SOURCE DATA:
- Opening Delimiter -
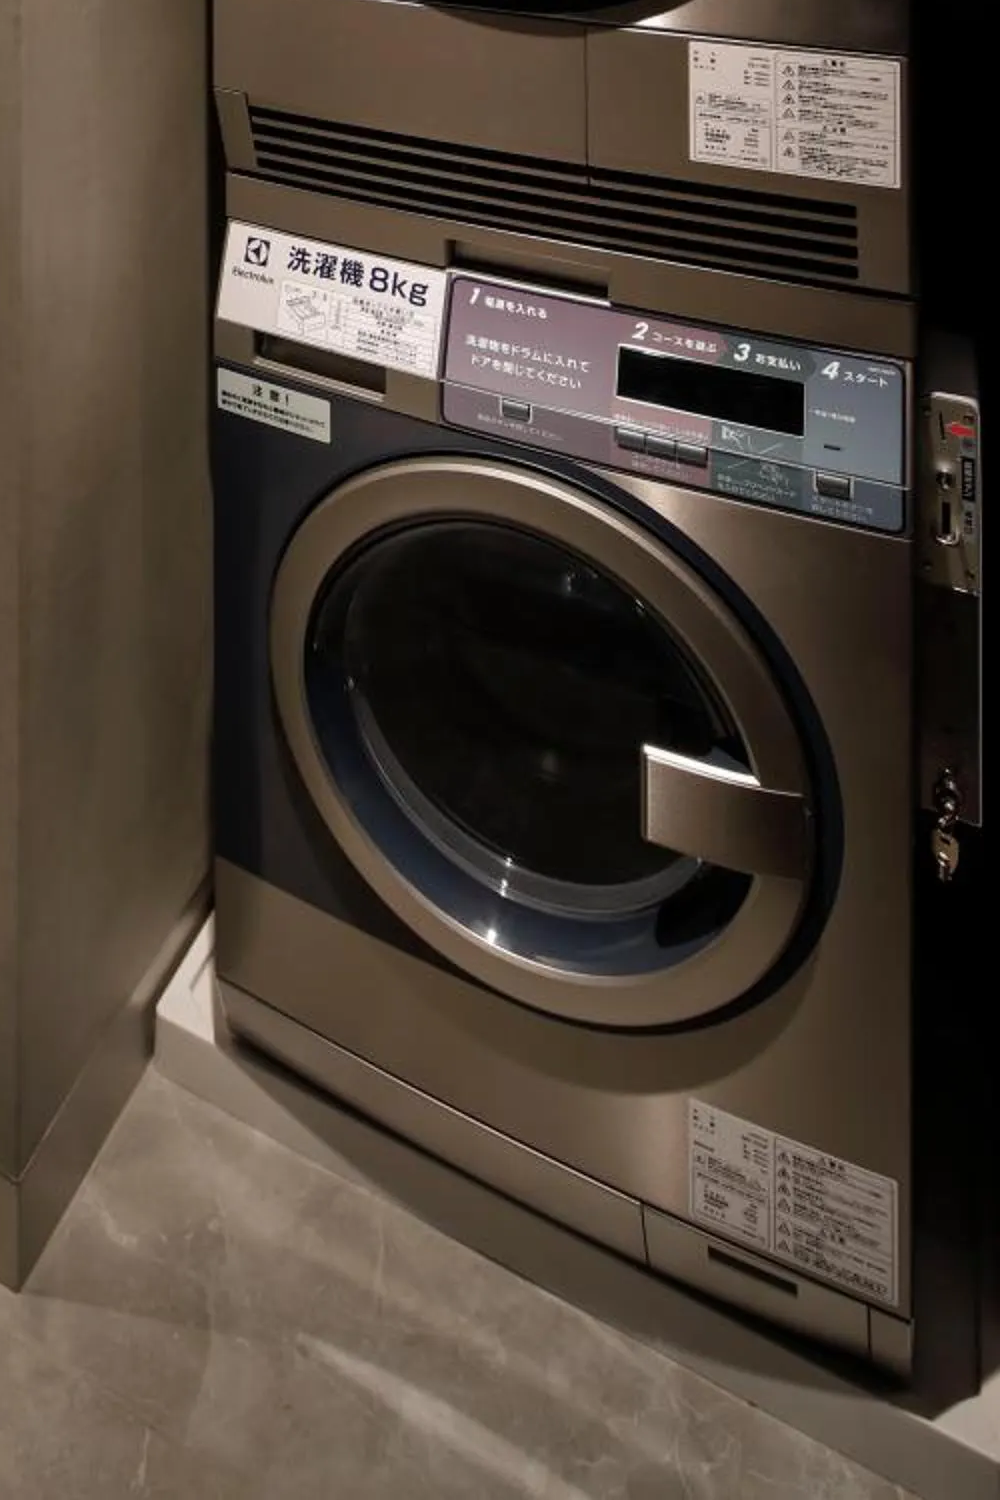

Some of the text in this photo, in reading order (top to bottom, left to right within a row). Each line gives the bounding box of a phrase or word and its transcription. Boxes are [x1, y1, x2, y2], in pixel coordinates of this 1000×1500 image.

[232, 265, 274, 285] Electrolux
[287, 245, 428, 307] 洗濯機8kg
[469, 288, 481, 305] 1
[632, 322, 649, 341] 2
[733, 344, 751, 362] 3
[821, 361, 841, 380] 4
[844, 371, 888, 388] スタート
- Closing Delimiter -
YOUR GOAL:
Give back the material above exactly, but without its images.

WRITTEN REPLY:
Some of the text in this photo, in reading order (top to bottom, left to right within a row). Each line gives the bounding box of a phrase or word and its transcription. Boxes are [x1, y1, x2, y2], in pixel coordinates of this 1000×1500 image.

[232, 265, 274, 285] Electrolux
[287, 245, 428, 307] 洗濯機8kg
[469, 288, 481, 305] 1
[632, 322, 649, 341] 2
[733, 344, 751, 362] 3
[821, 361, 841, 380] 4
[844, 371, 888, 388] スタート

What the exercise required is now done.